BARDZO PROSZĘ, O PRZECZYTANIE NOTKI POD ROZDZIAŁEM! DZIĘKUJĘ :*
Z OKAZJI JUŻ PONAD 100 WYŚWIETLEŃ, PUBLIKUJĘ DZIŚ DWA ROZDZIAŁY ;)
-A co było takiego ważnego, że chciałaś się ze mną spotkać? - zapytał w pewnej chwili.
-Huh... - wzięłam głęboki oddech - Mama do mnie napisała - popatrzyłam na moje buty, które w tym momencie stały się bardzo interesujące.
-Że co? - zapytał oburzony
-Mmm...
-Pfff... Co chiała? - w jego głosie czułam pogardę
-Chce się spotkać... - podniosłam wzroki i ponownie zaczęłam obserwować SeRim'a.

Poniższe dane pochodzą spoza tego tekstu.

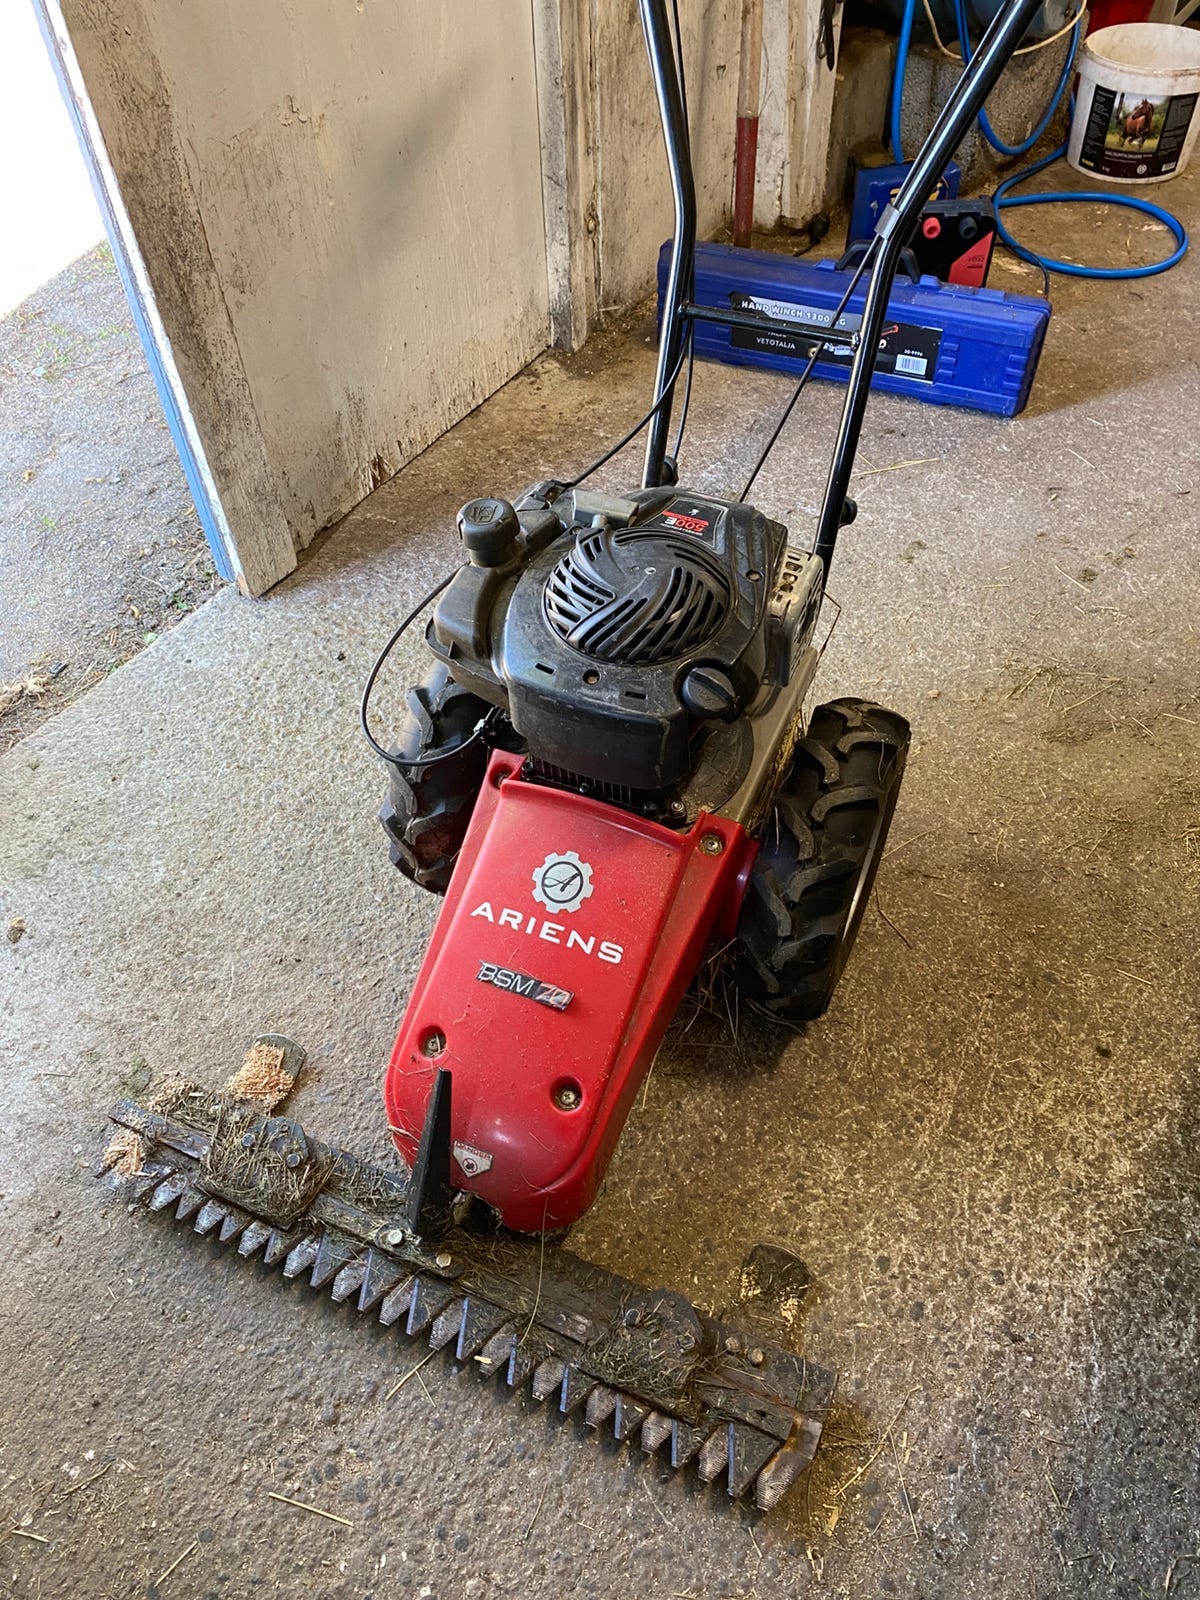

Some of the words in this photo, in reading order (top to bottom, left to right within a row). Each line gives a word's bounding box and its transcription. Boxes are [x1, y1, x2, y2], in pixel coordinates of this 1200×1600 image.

-Aha, czyli nie odzywała się tyle, lat, miała cię kompletnie gdzieś i tak nagle chce się spotkać? Wątpię, żeby miała dobre intencje. Pewnie znów będzie chciała cię zmusić, żebyś pozbyła się małego - jego ton nadal brzmiał pogardliwie.
-Nigdy go nie oddam. Kocham go i nie licząc ciebie i Hoseoka, to nie mam nikogo po za nim. Jesteście moją jedyną rodziną...
-Powiedz to jej, a nie mi. burknął.
-Mógłbyś się wtedy zająć małym? Kiedy pójdę się z nią spotkać? - odwróciłam się do niego.
-Nie ma problemu, zawsze ci pomogę - uśmiechnął się i objął, co odwzajemniłam - A teraz druga sprawa.
-Hmm? - popatrzyłam na niego zdziwiona.
-Dlaczego wczoraj nie odbierałaś i nie odpisywałaś? - powiedział z wyrzutem i wytknął mnie palcem.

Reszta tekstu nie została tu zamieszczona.